SCOW grants review to address collateral consequences as applied to ch. 51 mootness
Waukesha County v. R.D.T., 2024AP1390, petition for review of an unpublished decision of the court of appeals, granted 11/17/25; case activity
SCOW granted R.D.T.’s petition for review to address: 1) whether the appeal from his recommitment is moot where the commitment expired but he remained liable for the costs of care and subject to a firearm ban; and 2) whether the circuit court made sufficient factual findings grounded in admissible evidence to support R.D.T.’s recommitment.
COA authorizes circuit courts to consider prejudice when determining whether to join cases for trial
State v. Max Bell, 2024AP1923-CR, 2024AP1924-CR, & 2024AP1925-CR, 11/13/25, District IV (recommended for publication); case activity (including briefs)
Whether to join cases for trial is a separate inquiry from whether to sever cases that have been joined. While the severance subsection of the joinder statute, Wis. Stat. § 971.12(3), directs the circuit court to sever charges if a party is prejudiced by joinder, the circuit court is not required by statute to consider prejudice when determining whether charges should be joined. See Wis. Stat. § 971.12(1),(4). Nevertheless, the COA held in a decision recommended for publication that a circuit court is permitted to consider prejudice when making its initial joinder decision. The COA affirmed joinder of Max Bell’s charges for trial and his subsequent convictions in each case.

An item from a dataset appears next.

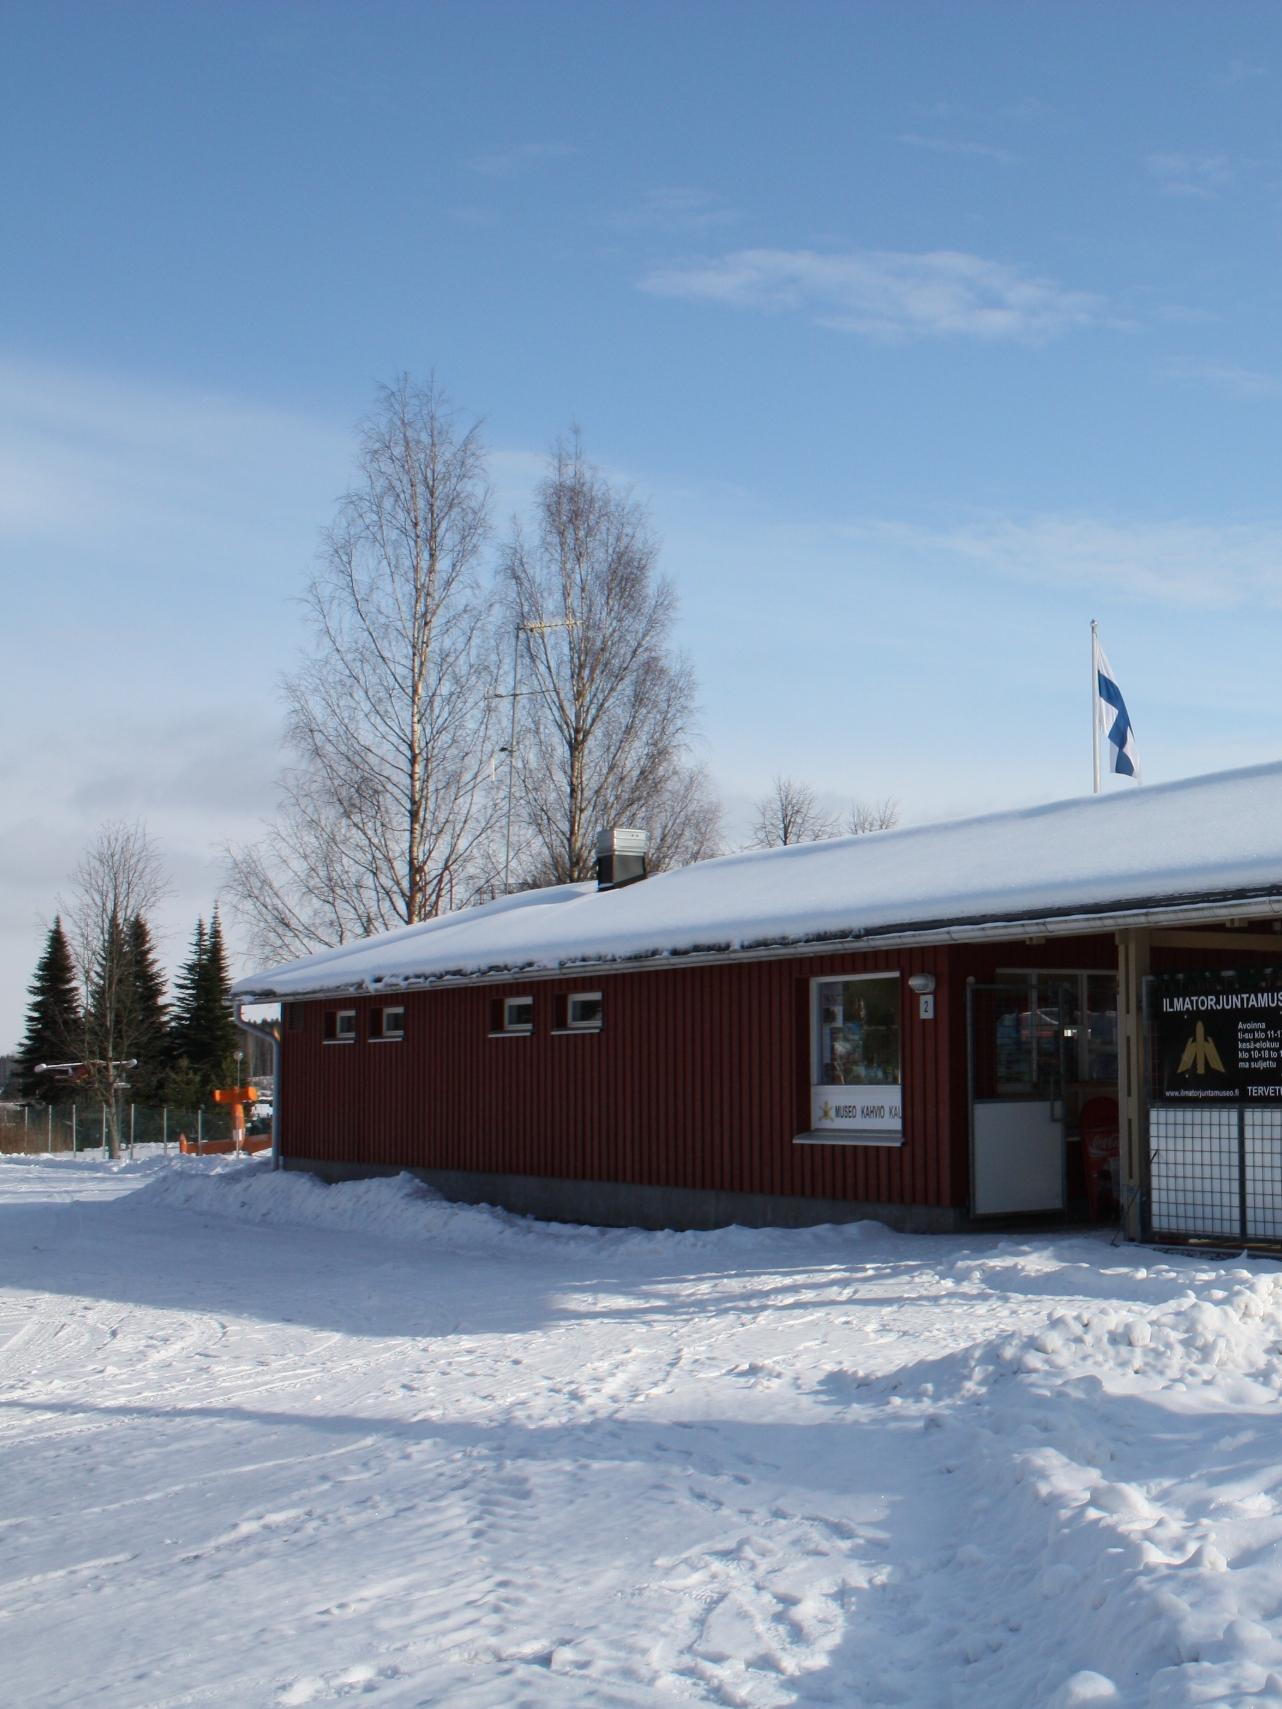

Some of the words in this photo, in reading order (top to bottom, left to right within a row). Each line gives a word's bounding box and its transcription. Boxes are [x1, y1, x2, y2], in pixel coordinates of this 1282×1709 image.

Seventh Circuit holds that Wisconsin prisoner failed to exhaust claim and affirms denial of habeas petition
Terence L. Jannke v. Michael Gierach, No. 23-2485, 11/17/25
In yet another appeal that reiterates the hoops through which petitioners must jump, the Court rejects Jannke’s claims on procedural grounds and affirms.
COA affirms TPR order, rejects arguments premised on “substantial likelihood” question for continuing CHIPS as undeveloped and forfeited
Kenosha County v. V.L.W., 2025AP1914, 11/12/25, District II (ineligible for publication); case activity
COA rejects “Victor’s” arguments on appeal, which are all based on the continuing CHIPS “substantial likelihood” provision applying in his case. COA concludes that Victor did not prove this provision, which requires that the has been placed outside the home for less than 15 of the most recent 22 months, should apply.
In case involving unique application of “once waived, always waived” COA holds that “previous violation” doesn’t mean a violation that occurred previously
State v. A.A., 2025AP1907, 11/10/25, District II (ineligible for publication); case activity
In a case involving a unique waiver posture, COA concludes that the circuit court correctly interpreted the statutes when it used a waiver decision in another county to exempt A.A. from juvenile jurisdiction.
COA affirms denial of suppression motion in OWI 3rd case based on concession
State v. Richard T. Weske, 2025AP154-CR, 11/5/25, District II (ineligible for publication); case activity
Weske appeals the circuit court’s denial of his motion to suppress evidence on the basis that the investigatory traffic stop constituted an unreasonable seizure because the officer was outside his jurisdiction and was therefore without authority to conduct the stop. COA affirms, concluding that the officer had reasonable suspicion to conduct a traffic stop for a suspected OWI, and Weske conceded that the officer had the authority to do so outside his jurisdiction under Wis. Stat. § 349.03(4).
COA critiques Gramza but extends its holding to apply to § 973.195 petitions for sentence adjustment
State v. Angela R. Joski, 2023AP1371-CR, 10/29/25, District II (recommended for publication); case activity
The state appealed Joski’s early release under Wis. Stat. § 973.195, arguing that pursuant to State v. Gramza, 2020 WI App 81, ¶24, 395 Wis. 2d 215, 952 N.W.2d 836, Joski must fully serve the mandatory minimum three-year term of initial confinement prescribed by Wis. Stat. § 346.65. COA agrees due to Gramza‘s interpretation, and reverses.
Defense Win: COA reverses order extending involuntary commitment.
Trempealeau County v. S.K., 2025AP645, 11/4/25, District III (ineligible for publication); case activity
The COA reversed the circuit court’s order to extend “Sharon’s” involuntary commitment. Although the County presented evidence that Sharon would stop taking medication to treat her schizophrenia if she were not committed, the evidence to support her current dangerousness was conclusory.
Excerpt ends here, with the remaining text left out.